People in third world countries are being directly affected by this virus—tourism halted, restaurants closed. People who live hand-to-mouth are dying, today, this minute. Right now.

Sure, there is disease and death every day, but this is a new wave. A new wave—and while we freak out about not being able to go outside and touch nature, a man in India yesterday watched his child die of hunger.

While we are complaining about not being able to go surfing, a family in Guatemala carefully measures the rice they have.

Yes—collectively this is good for us. There are many gifts found in this chaos. The earth needed this. We needed this. We have been living unsustainably in a consumeristic manner. We have been buying things we don’t need. We have been so individualized and yet so disconnected from ourselves and one another. We’ve sat in rooms with our parents and grandparents, and with our faces in our phones, those sacred to us age and wither. We are anxious, depressed, and suicidal because we are so far away from the medicine of nature, the medicine of this land, the medicine of one another. We have polluted our earth and thought that we are gods, untouchable in our privilege—and now our mortality is here. Our fragility is here. Our vulnerability is here—the vulnerability people in third world countries face every single day that we close our eyes and ears to.

This is a great earthquake and wake-up call for first world countries, and within that are oceans of compassion and rivers of empathy for the fact that people are starving to death in third world countries because of the virus.

They don’t get a $1,200 United States paycheque or government assistance. They don’t get their rent waived.

They aren’t complaining about their favourite yoga studios and coffee shops being closed.

They aren’t FaceTiming their families across the world—some of them don’t even have the means to have a cell phone.

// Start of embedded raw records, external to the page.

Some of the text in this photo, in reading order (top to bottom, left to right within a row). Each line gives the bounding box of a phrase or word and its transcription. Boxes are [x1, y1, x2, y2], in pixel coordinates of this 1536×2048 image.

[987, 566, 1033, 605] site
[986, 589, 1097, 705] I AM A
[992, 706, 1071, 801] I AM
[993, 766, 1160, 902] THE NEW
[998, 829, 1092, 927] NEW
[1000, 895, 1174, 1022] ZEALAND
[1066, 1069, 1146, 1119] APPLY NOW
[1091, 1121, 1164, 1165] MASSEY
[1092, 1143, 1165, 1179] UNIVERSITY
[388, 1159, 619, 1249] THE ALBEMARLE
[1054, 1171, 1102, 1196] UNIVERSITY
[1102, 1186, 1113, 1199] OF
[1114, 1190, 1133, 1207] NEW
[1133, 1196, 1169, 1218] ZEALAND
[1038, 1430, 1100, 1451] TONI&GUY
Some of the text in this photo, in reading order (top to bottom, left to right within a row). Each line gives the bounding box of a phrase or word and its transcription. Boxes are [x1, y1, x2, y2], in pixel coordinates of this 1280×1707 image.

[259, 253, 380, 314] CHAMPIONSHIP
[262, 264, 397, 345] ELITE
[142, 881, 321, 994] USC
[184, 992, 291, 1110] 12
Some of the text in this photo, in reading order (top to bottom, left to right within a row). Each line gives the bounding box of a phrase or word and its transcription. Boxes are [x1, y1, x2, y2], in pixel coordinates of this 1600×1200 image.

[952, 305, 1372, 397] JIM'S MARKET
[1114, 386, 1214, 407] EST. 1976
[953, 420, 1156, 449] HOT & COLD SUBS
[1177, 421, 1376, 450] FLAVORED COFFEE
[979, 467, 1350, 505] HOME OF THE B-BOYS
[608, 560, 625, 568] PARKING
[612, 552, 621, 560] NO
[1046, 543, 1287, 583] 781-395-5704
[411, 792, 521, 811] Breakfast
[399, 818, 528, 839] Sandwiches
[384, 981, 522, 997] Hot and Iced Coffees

Yes—let’s talk big picture together.

The education system has been broken for a long time. We need to be teaching self-regulating practices, emotional intelligence, meditation. This should have been reinvented a long time ago. Western medicine has been broken for a long time. We live in debt. We do not know how to grow our food—we are disconnected from the land.

We have been broken, and so have the systems we built—and for a long time.

This is a wake-up call for how deeply we need the knowledge and medicine—that we have forgotten and ignored—from our indigenous communities.

This is a wake-up call for what we actually need.

Let’s not forget that right now, while we have the privilege of philosophizing about what this means for the collective, someone is starving to death.

The expense of this collective realization is affecting some of us much deeper—many of whom are not being covered on the news. Because seemingly only first world countries deserve to be covered and informed on.

So yes, let’s sit and talk about how our world has been sick and has always been broken, but let’s not diminish the reality of immense suffering that exists in parts of our world for those who do not have the privilege to not work. Who do not have the privilege to sit under a tree by a river in the sunshine and hypothesize on what this means for our world and global collective.

Right now, someone is starving to death because this virus has impacted the world they live in.

We need big picture and we need the ability to swim to the bottom depths of our heart in compassion, understanding, and empathy.

It is not just one.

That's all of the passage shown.